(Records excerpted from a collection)
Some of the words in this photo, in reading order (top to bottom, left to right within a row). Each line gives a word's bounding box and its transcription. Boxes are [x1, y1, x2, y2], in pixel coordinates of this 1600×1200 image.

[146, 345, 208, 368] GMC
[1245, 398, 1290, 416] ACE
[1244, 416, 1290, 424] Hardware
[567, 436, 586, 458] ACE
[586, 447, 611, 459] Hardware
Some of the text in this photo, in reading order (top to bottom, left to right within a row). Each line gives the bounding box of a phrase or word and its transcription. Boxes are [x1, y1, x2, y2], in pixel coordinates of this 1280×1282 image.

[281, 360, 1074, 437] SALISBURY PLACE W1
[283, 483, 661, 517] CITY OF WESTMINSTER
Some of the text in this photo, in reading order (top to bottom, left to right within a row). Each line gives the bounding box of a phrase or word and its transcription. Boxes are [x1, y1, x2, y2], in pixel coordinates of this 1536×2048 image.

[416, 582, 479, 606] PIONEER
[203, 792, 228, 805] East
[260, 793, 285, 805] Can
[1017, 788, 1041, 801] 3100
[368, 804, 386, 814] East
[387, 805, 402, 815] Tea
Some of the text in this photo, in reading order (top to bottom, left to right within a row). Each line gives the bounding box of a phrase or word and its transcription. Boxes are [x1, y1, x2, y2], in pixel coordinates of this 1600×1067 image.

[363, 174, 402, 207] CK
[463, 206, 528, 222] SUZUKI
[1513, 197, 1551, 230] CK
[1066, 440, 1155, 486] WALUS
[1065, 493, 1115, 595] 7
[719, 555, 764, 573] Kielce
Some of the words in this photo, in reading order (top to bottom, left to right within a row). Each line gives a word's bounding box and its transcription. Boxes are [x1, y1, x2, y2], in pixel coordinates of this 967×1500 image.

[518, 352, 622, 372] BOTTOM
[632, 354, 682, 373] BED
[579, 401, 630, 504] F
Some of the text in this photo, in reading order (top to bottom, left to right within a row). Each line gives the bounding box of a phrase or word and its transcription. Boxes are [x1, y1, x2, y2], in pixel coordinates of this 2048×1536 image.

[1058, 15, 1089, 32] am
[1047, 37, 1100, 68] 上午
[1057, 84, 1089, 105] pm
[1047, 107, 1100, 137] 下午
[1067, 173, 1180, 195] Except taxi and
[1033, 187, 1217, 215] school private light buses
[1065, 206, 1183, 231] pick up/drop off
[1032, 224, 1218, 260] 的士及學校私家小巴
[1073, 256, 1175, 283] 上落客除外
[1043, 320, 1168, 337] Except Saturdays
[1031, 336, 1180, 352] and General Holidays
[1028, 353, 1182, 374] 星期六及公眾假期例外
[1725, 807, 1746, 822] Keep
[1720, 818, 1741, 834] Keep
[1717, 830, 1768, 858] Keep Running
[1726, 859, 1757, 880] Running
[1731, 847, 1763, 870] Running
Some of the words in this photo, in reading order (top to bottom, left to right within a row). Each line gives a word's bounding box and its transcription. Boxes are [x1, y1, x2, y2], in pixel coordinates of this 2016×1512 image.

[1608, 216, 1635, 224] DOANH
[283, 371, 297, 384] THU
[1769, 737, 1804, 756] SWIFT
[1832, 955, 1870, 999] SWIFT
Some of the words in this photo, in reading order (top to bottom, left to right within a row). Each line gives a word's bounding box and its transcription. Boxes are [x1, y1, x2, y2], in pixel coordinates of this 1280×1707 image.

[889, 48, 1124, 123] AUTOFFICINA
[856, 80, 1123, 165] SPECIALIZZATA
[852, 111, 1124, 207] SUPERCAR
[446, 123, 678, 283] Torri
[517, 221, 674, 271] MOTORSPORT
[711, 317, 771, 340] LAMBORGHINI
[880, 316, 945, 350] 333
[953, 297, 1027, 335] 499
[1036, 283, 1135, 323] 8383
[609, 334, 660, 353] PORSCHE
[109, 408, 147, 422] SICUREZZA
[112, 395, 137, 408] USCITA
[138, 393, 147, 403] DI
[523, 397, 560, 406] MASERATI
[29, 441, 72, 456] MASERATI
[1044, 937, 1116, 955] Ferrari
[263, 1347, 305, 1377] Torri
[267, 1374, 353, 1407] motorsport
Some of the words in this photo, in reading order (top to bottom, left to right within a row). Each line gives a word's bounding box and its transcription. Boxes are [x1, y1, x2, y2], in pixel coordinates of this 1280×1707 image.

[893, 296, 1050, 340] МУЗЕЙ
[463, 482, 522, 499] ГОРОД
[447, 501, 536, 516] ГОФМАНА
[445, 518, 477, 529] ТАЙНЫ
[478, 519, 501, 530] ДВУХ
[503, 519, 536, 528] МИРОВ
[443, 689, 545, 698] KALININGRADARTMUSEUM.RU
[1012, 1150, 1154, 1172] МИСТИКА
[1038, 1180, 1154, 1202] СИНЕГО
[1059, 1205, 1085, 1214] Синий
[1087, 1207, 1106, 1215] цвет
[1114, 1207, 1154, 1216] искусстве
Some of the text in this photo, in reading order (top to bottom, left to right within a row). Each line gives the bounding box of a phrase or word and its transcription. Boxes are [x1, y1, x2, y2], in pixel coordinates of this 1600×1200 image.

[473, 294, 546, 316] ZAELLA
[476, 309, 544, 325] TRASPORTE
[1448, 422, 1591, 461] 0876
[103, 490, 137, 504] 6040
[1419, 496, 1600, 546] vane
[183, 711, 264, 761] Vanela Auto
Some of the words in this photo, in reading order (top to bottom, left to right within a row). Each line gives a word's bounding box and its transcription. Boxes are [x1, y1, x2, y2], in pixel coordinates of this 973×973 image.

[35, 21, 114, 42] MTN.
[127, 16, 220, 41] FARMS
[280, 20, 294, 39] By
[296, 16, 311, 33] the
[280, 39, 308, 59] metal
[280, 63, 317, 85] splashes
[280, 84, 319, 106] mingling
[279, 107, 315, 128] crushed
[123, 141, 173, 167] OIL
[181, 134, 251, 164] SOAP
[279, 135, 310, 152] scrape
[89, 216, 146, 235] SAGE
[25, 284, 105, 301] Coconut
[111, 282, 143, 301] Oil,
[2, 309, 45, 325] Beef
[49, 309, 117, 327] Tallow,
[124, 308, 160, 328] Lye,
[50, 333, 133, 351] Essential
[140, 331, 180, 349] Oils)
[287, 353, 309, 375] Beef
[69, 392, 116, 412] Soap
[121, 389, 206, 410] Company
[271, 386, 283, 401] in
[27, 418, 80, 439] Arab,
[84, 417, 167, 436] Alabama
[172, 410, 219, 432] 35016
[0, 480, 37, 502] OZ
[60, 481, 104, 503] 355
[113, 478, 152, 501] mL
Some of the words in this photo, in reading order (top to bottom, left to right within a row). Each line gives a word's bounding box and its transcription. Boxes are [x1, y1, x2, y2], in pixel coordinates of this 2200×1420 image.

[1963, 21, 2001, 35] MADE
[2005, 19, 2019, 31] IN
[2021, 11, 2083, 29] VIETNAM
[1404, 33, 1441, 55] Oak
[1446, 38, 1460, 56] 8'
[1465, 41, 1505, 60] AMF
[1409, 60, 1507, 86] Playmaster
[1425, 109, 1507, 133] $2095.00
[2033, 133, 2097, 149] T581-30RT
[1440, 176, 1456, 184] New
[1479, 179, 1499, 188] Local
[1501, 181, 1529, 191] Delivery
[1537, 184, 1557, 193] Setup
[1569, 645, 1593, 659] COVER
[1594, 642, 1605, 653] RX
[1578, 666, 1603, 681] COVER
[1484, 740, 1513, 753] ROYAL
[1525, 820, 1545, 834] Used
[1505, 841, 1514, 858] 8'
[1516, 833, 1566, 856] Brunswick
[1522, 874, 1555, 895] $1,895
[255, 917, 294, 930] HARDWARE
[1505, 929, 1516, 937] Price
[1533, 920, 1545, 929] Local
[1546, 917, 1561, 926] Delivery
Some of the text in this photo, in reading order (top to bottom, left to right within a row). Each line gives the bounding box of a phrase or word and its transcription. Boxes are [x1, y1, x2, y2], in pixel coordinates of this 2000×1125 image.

» Problem description
Retype nothing except the lines from the line holding "this 2200×1420 image." through the last line of the entries, both included.

» Task result
Some of the words in this photo, in reading order (top to bottom, left to right within a row). Each line gives a word's bounding box and its transcription. Boxes are [x1, y1, x2, y2], in pixel coordinates of this 2200×1420 image.

[1963, 21, 2001, 35] MADE
[2005, 19, 2019, 31] IN
[2021, 11, 2083, 29] VIETNAM
[1404, 33, 1441, 55] Oak
[1446, 38, 1460, 56] 8'
[1465, 41, 1505, 60] AMF
[1409, 60, 1507, 86] Playmaster
[1425, 109, 1507, 133] $2095.00
[2033, 133, 2097, 149] T581-30RT
[1440, 176, 1456, 184] New
[1479, 179, 1499, 188] Local
[1501, 181, 1529, 191] Delivery
[1537, 184, 1557, 193] Setup
[1569, 645, 1593, 659] COVER
[1594, 642, 1605, 653] RX
[1578, 666, 1603, 681] COVER
[1484, 740, 1513, 753] ROYAL
[1525, 820, 1545, 834] Used
[1505, 841, 1514, 858] 8'
[1516, 833, 1566, 856] Brunswick
[1522, 874, 1555, 895] $1,895
[255, 917, 294, 930] HARDWARE
[1505, 929, 1516, 937] Price
[1533, 920, 1545, 929] Local
[1546, 917, 1561, 926] Delivery
Some of the text in this photo, in reading order (top to bottom, left to right within a row). Each line gives the bounding box of a phrase or word and its transcription. Boxes are [x1, y1, x2, y2], in pixel coordinates of this 2000×1125 image.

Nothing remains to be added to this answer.